Court Opinion

ID: 9561665
Source: CourtListenerOpinion
Date Created: 2023-08-21 18:13:44.457662+00
Date Added: 2024-06-11T09:14:08.332784
License: Public Domain

FROEB, Judge,
dissenting:
The defendant worked at a wholesale automobile auction where he met Jim Colby, a licensed auto dealer. From this there arose a private transaction between the two for the sale by Colby to defendant of the 1985 Cadillac. Apparently no bill of sale or ownership papers accompanied the sale.
The basis for defendant’s claim that the conviction should be reversed is the jury instruction which stated, “The purchase of stolen property outside the regular course of business permits a conclusion that the purchaser was aware of the risk that it had been stolen.”
The instruction was taken from Recommended Arizona Jury Instruction 18.025(c) and expresses the statutory inference set forth in A.R.S. § 13-2305(3) which provides:
Proof of the purchase or sale of stolen property by a dealer in property, out of the regular course of business, or without the usual indicia of ownership other than mere possession, unless satisfactorily explained, gives rise to an inference that the person buying or selling the property was aware of the risk that it had been stolen.
In my opinion, the statute applies here and supports the instruction. Where I differ with the majority is my reading of the statute to permit its application where the seller and not the buyer is the car dealer. In my view, if a car buyer buys a car from a car dealer outside the regular course of business, the buyer is signaled that there is a risk that something may be wrong, particularly where he is not given sale papers in the transaction. A.R.S. § 13-2305(3) translates this risk into a permissive inference where there is a charge of trafficking in stolen property. The instruction in this case presented the permissive inference to the jury.
It appears that Division Two of this court has reached the same conclusion in State v. Dean, 129 Ariz. 17, 628 P.2d 54 (App.1981).
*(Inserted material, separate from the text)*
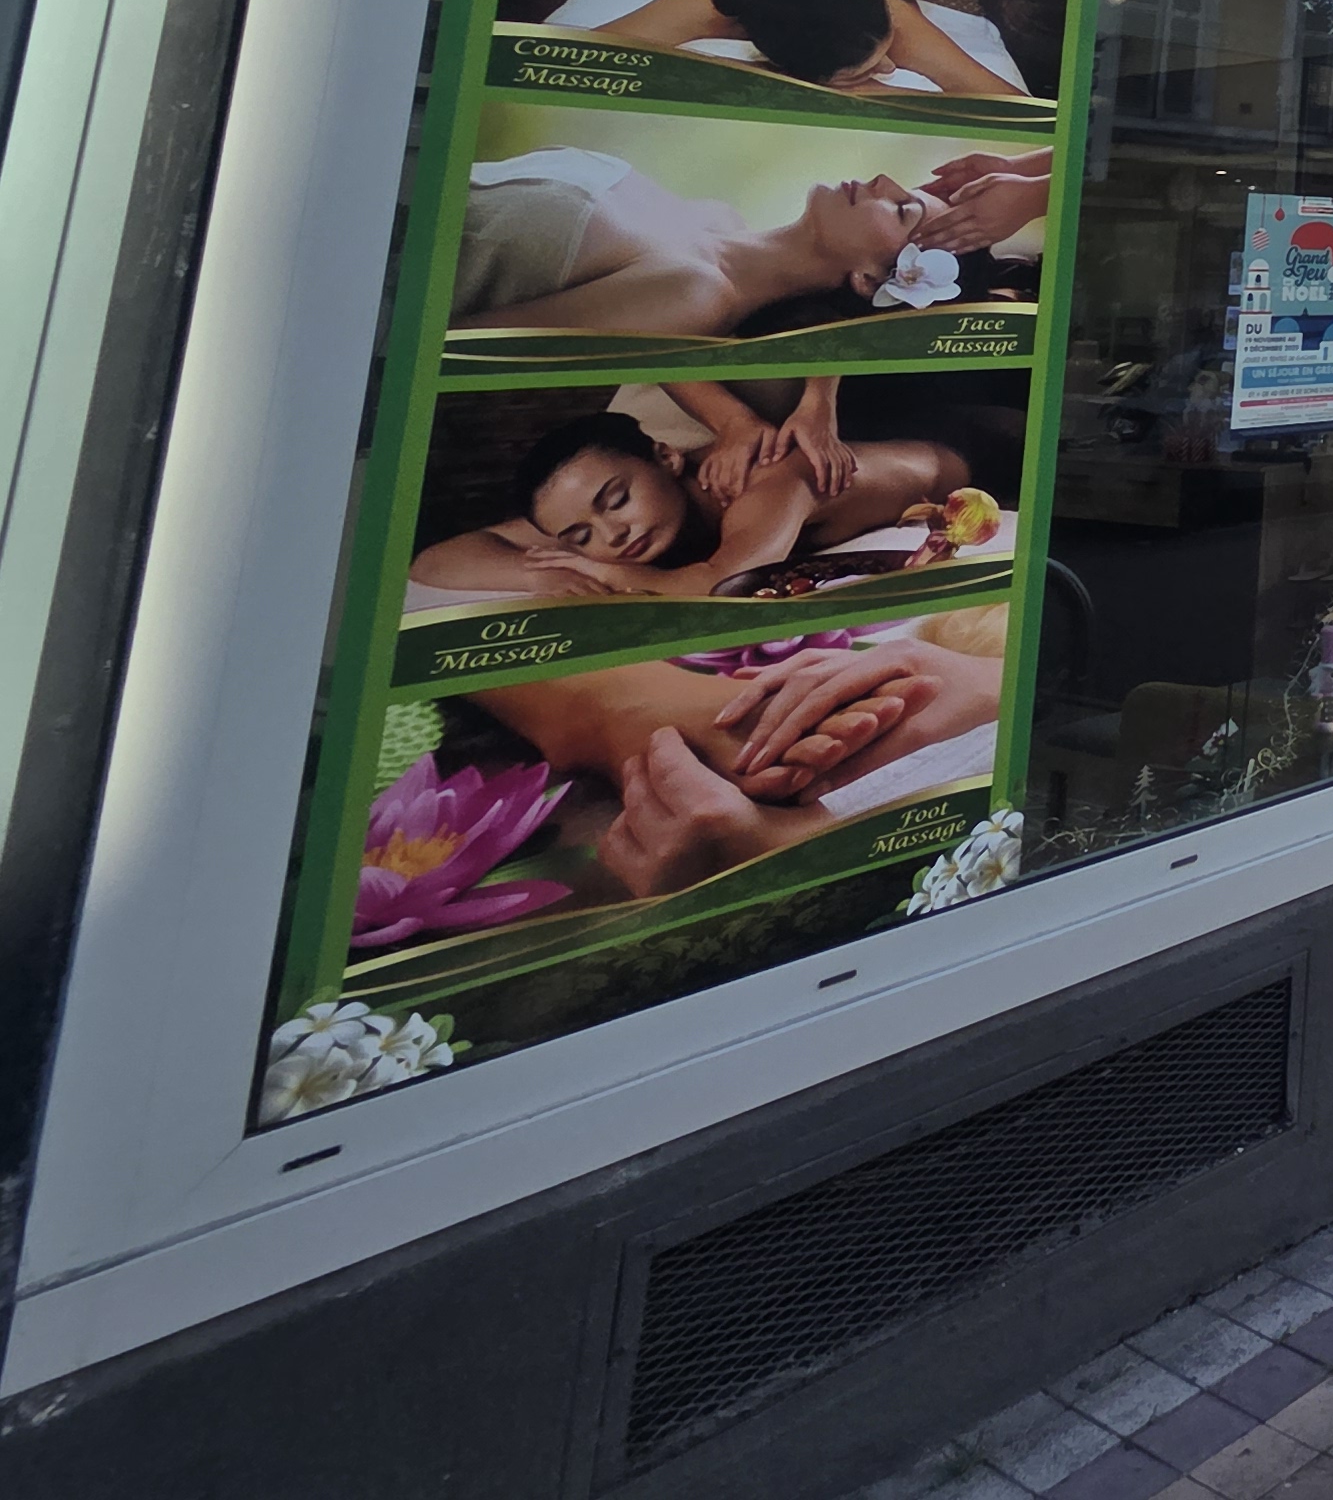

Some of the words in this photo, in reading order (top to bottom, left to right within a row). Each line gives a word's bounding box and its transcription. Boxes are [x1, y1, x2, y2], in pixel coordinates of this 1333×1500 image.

The implication of the decision is to the effect that the inference in A.R.S. § 13-2305 would apply to an ordinary buyer who buys merchandise from a dealer out of the regular course of business.
The majority notes the comment from R. Gerber, Criminal Law of Arizona 321 (1978), which states the inference of A.R.S. § 13-2305 applies only if the defendant is a “dealer in property.” Since the plain language of the statute does not read that way, I would reject the comment in the treatise.
The facts of this case provide an excellent example of when a non-dealer defend*91ant should have been aware of the risk the property was stolen when buying from a dealer. Here, the defendant knew the person who allegedly sold him the car was a dealer in automobiles. The fact that the defendant was not provided ownership papers or even a bill of sale for a $16,000 to $19,000 Cadillac should have raised questions in the defendant’s mind that the sale was not what it purported to be. This certainly was not a sale in the regular course of business and is exactly the situation addressed by the inference in A.R.S. § 13-2305(3).
In my opinion the instruction was not error and I would affirm the defendant’s conviction and sentence.
Finally, as the majority notes, there was no objection by defendant to the instruction. Although I find the instruction was proper, if it were error, I would join the majority view that it was fundamental under the facts of this case.
I would affirm the conviction and sentence.